Perles de culture – Akoya

Huître : Pinctada fucata martensii. Pays de production : Japon, Corée, Vietnam et Chine. Couleurs : Dès leur récolte, les perles sont généralement de couleur crème, jaune ou verte avec peu de luminosité. L’homme va donc intervenir et grâce à un procédé de nettoyage (traitement) qui va éliminer les impuretés organiques qui se sont déposées entre les couches de nacre (ce qui empêche la réfraction de la lumière),

ainsi qu’un traitement d’homogénéité des couleurs, la perle Akoya aura des reflets plus en phase avec la demande du marché. Dimensions : de Ø 2 à Ø 10 mm (huître plus petite Ø 7-8 cm) Formes : Ronde, semi-ronde, ovale, poire, baroque. Jusqu’au début des années 90 (1990) les perles Akoya étaient principalement produites au Japon. Depuis vingt ans, les Chinois se sont mis à produire également des perles Akoya à grande échelle. Ce facteur combiné à une vaste pollution des eaux de la Mer du Japon a mis en crise l’industrie perlière japonaise. Les perles Akoya sont à l’origine de la production à grande échelle et les seules à avoir été cultivée par l’homme durant presque un siècle. Contrairement aux huîtres des Mers du sud, l’on peut greffer jusqu’à quatre noyaux; par contre une fois la récolte effectuée, les huîtres ne sont plus réutilisées contrairement aux Pinctada Maxima et Margaritifera que l’on peut utiliser jusqu’à trois fois. La couche de nacre déposée par l’huître Akoya autour du noyau n’est pas très épaisse car l’huître, une fois opérée reste à l’eau moins longtemps (max. un an et demi).

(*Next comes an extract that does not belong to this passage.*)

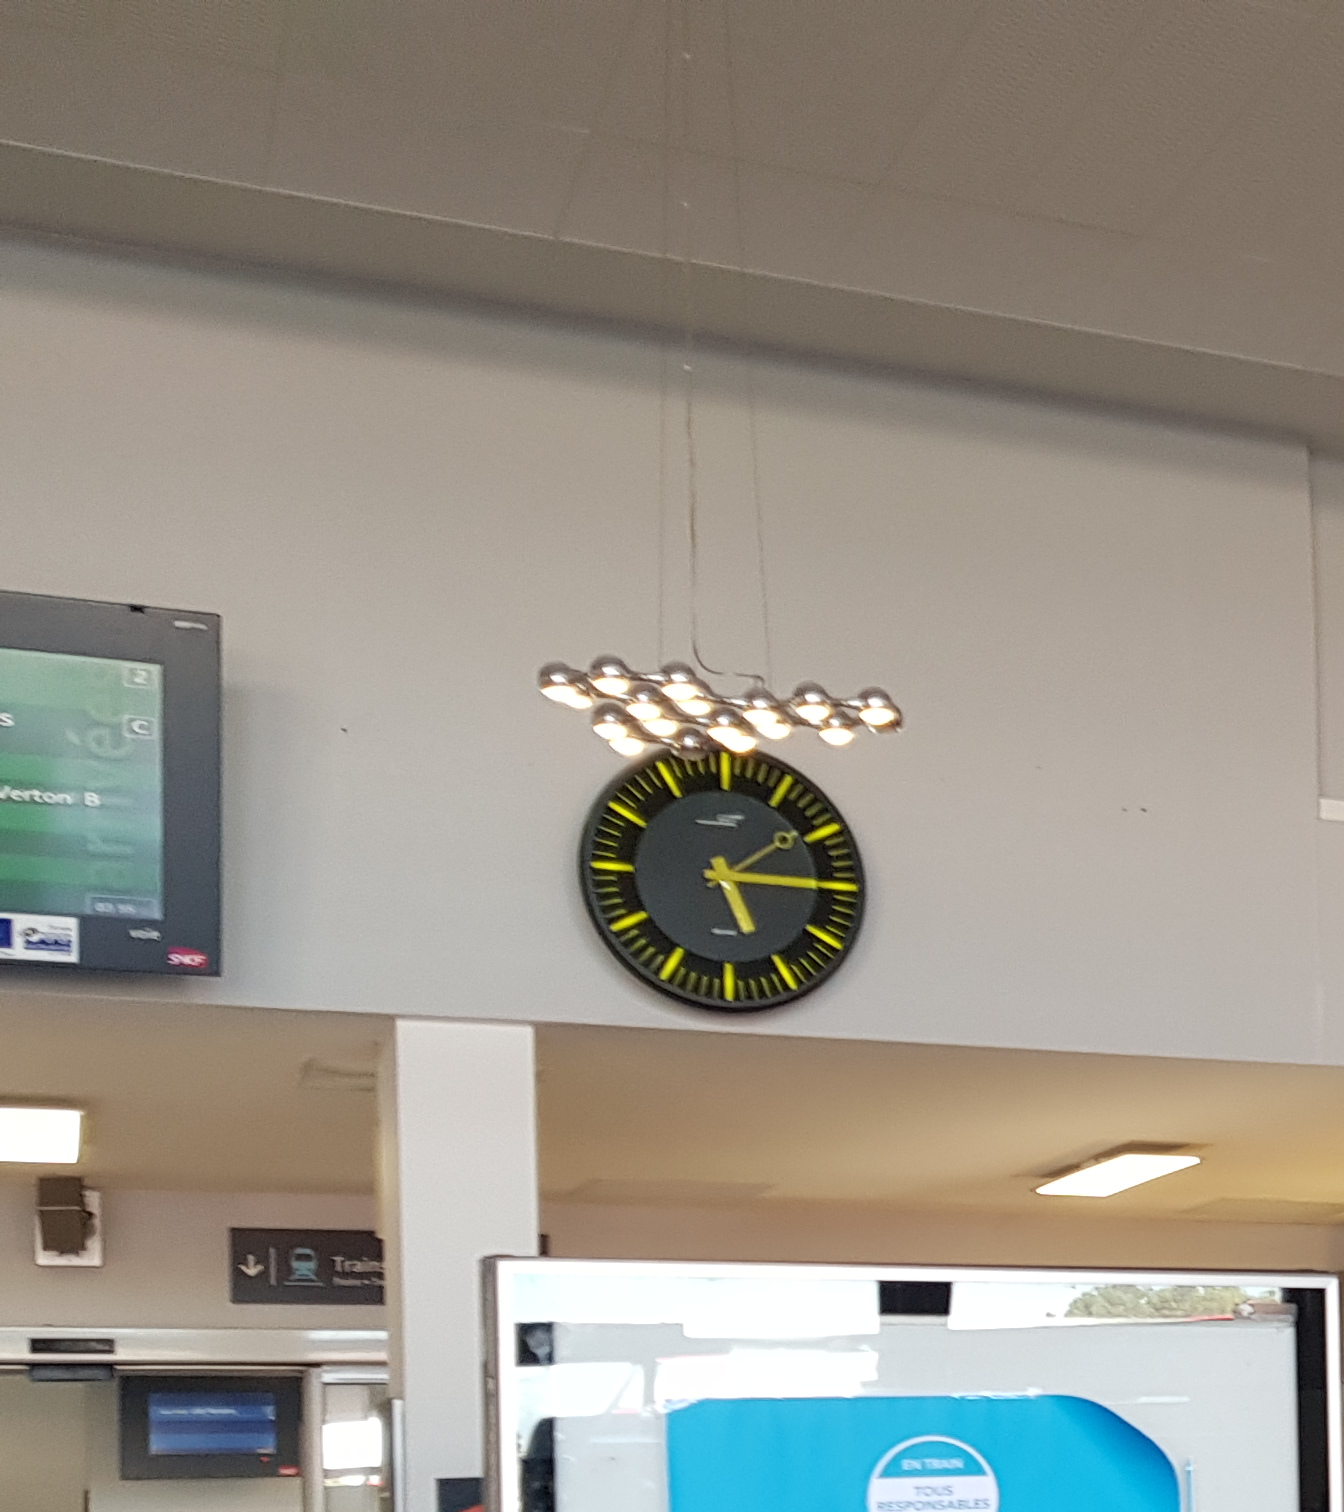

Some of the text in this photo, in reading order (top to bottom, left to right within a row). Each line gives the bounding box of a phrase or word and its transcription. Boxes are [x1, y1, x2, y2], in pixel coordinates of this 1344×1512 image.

Perles de culture – Eau douce (Freshwater pearls)

Huître : Hyriopsis schlegeli Pays de production : Dès 1924, Japon (Lac Biwa), puis dès 1963 (Lac Kasumigaura). Dès1961, la Chine commence la production et aujourd’hui est le premier producteur mondial. Couleurs : blanche, bleu foncé, marron avec nuances champagne, crème, rose, saumon, lilas, mauve. Dimensions : de Ø 1 à Ø 8 mm (greffe sans noyau) puis dès 9 mm un noyau est greffé. Une perle peu alors atteindre 12-13 mm voir plus. Formes : De part la méthode de greffe qui consiste à introduire plusieurs morceaux de manteau (chair d’une huître sacrifiée) à l’intérieur du mollusque, les perles peuvent prendre la forme de croix, stick, pétale, potatoes. Mais les plus communes sont rondes, ovale, poire ou baroque. Une huître d’eau douce peu produire jusqu’à 60 perles. L’huître a une forme symétrique ovale est peu atteindre 30 cm de long et 20 cm de large. Les coûts de production sont de loin inférieurs à ceux des Mers du sud ou des Akoya. En effet, les fermes perlières sont la plupart du temps basées le long des fleuves, des lacs, des étangs et même des canaux d’irrigation. Ce sont les perles les moins chers du marché mais qui néanmoins offrent des couleurs magnifiques et la particularité d’être pour la plupart sans noyaux.